§ Goal of the exercise:
Restate the listing below word for word. No picture belongs in the result.
──────── Data excerpts
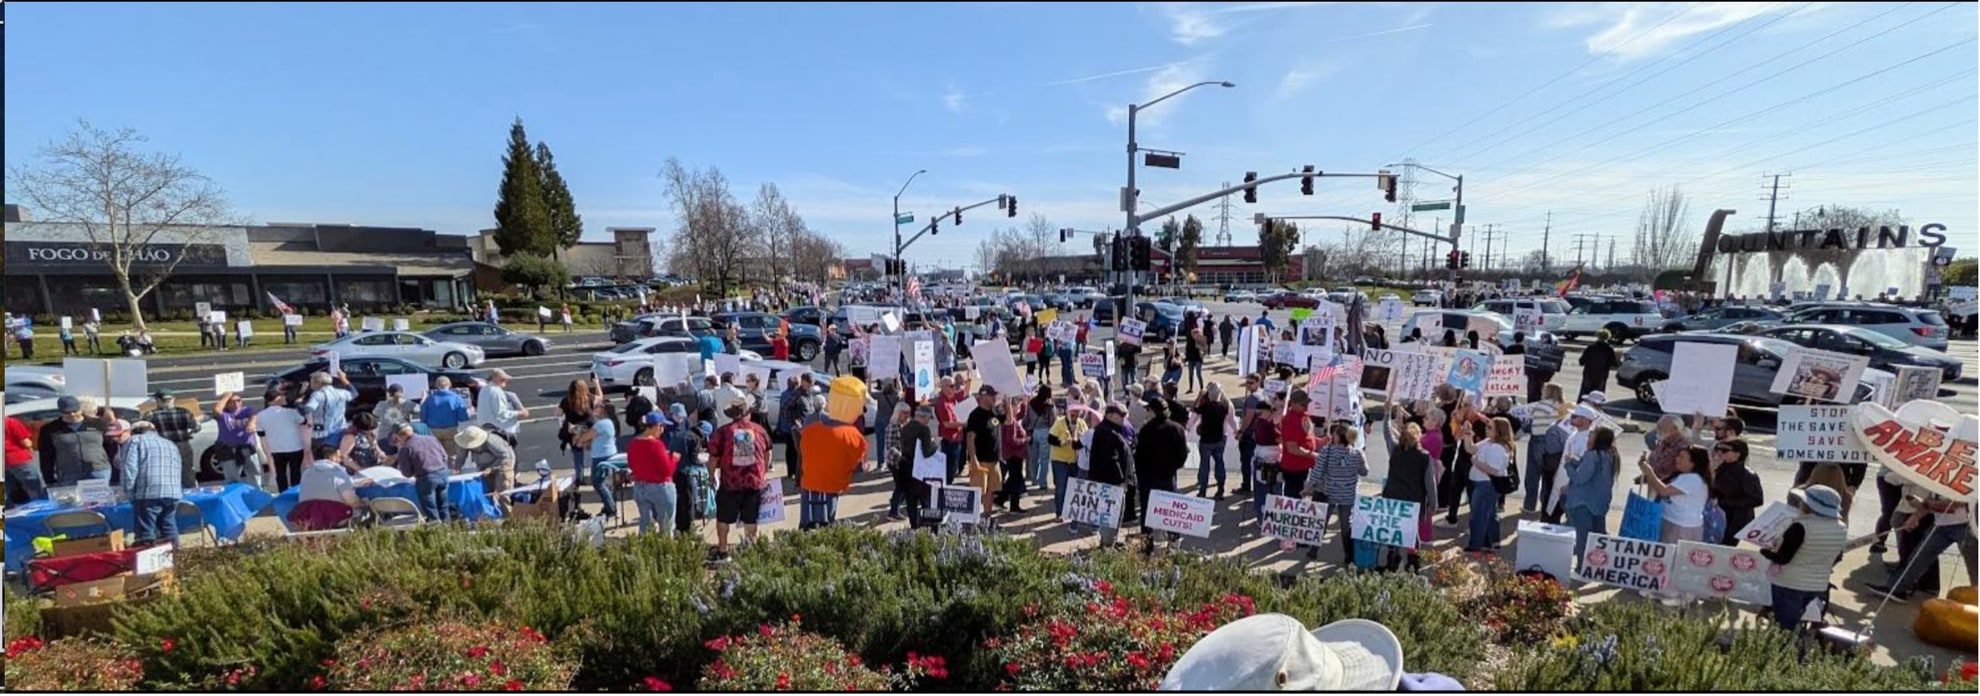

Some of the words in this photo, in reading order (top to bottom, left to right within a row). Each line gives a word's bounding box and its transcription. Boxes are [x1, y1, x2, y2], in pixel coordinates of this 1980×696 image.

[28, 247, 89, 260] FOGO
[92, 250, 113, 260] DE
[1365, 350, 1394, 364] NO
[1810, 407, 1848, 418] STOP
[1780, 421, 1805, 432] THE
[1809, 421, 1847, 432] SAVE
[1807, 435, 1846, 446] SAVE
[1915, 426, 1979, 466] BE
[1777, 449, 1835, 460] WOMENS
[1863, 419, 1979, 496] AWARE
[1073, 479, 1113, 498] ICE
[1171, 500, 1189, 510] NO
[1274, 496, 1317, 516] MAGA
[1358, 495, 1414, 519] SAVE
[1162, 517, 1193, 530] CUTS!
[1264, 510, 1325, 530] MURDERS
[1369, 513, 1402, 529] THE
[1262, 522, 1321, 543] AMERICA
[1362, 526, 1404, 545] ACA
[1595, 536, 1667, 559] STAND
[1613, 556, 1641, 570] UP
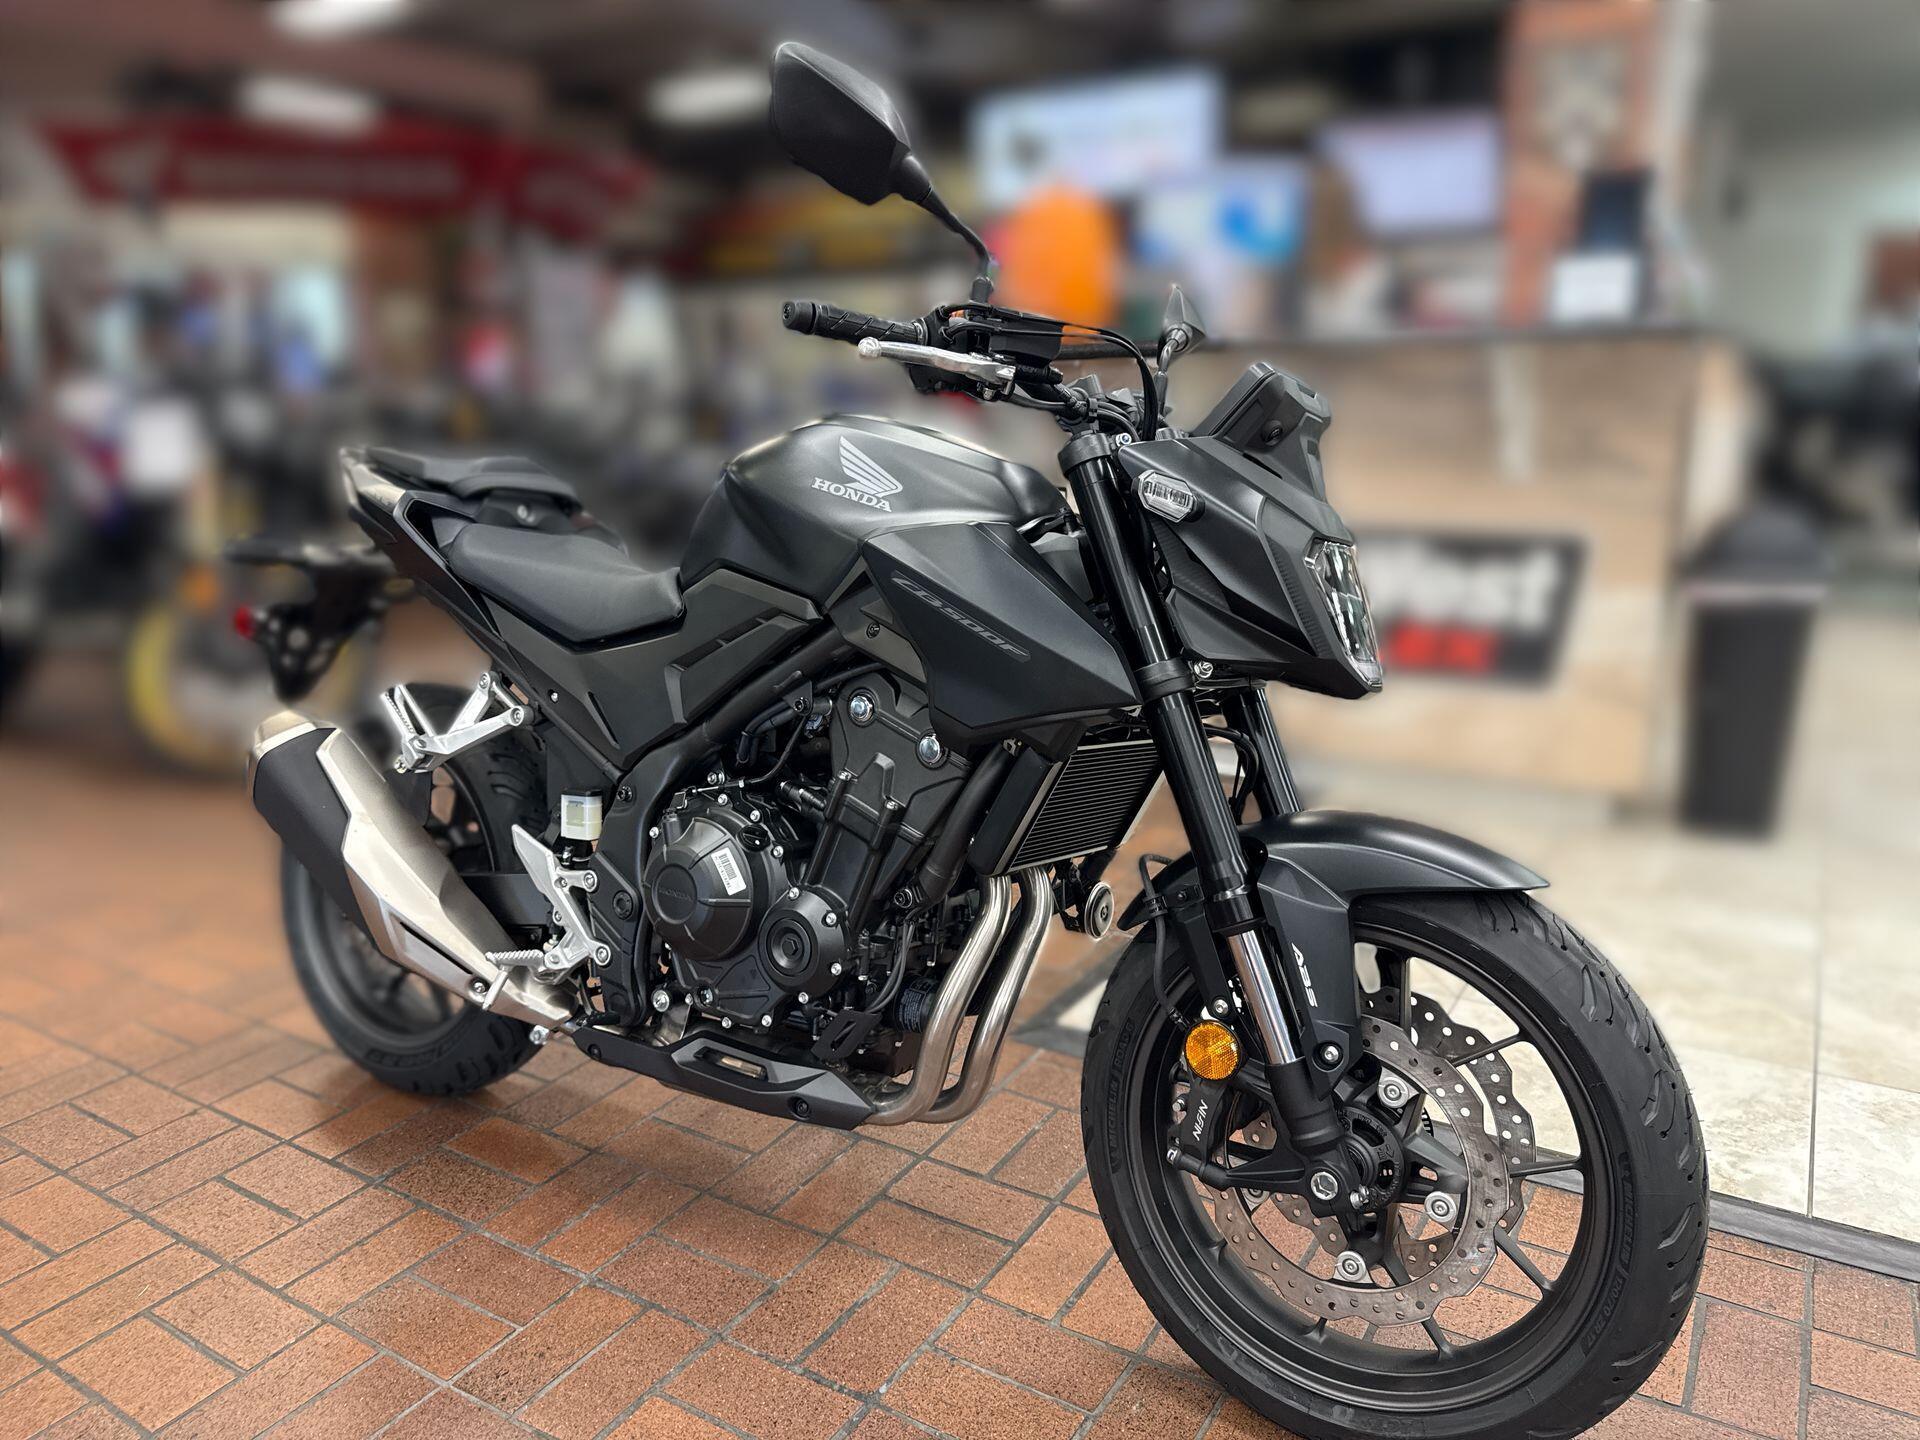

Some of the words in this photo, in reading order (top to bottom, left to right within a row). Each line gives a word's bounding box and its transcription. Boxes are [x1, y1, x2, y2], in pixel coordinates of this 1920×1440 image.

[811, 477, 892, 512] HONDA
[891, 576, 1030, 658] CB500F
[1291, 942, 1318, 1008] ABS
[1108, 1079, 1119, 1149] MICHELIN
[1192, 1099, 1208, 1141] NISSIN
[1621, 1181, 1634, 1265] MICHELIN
────────────────
§ Solution to the problem:
Some of the words in this photo, in reading order (top to bottom, left to right within a row). Each line gives a word's bounding box and its transcription. Boxes are [x1, y1, x2, y2], in pixel coordinates of this 1980×696 image.

[28, 247, 89, 260] FOGO
[92, 250, 113, 260] DE
[1365, 350, 1394, 364] NO
[1810, 407, 1848, 418] STOP
[1780, 421, 1805, 432] THE
[1809, 421, 1847, 432] SAVE
[1807, 435, 1846, 446] SAVE
[1915, 426, 1979, 466] BE
[1777, 449, 1835, 460] WOMENS
[1863, 419, 1979, 496] AWARE
[1073, 479, 1113, 498] ICE
[1171, 500, 1189, 510] NO
[1274, 496, 1317, 516] MAGA
[1358, 495, 1414, 519] SAVE
[1162, 517, 1193, 530] CUTS!
[1264, 510, 1325, 530] MURDERS
[1369, 513, 1402, 529] THE
[1262, 522, 1321, 543] AMERICA
[1362, 526, 1404, 545] ACA
[1595, 536, 1667, 559] STAND
[1613, 556, 1641, 570] UP

Some of the words in this photo, in reading order (top to bottom, left to right within a row). Each line gives a word's bounding box and its transcription. Boxes are [x1, y1, x2, y2], in pixel coordinates of this 1920×1440 image.

[811, 477, 892, 512] HONDA
[891, 576, 1030, 658] CB500F
[1291, 942, 1318, 1008] ABS
[1108, 1079, 1119, 1149] MICHELIN
[1192, 1099, 1208, 1141] NISSIN
[1621, 1181, 1634, 1265] MICHELIN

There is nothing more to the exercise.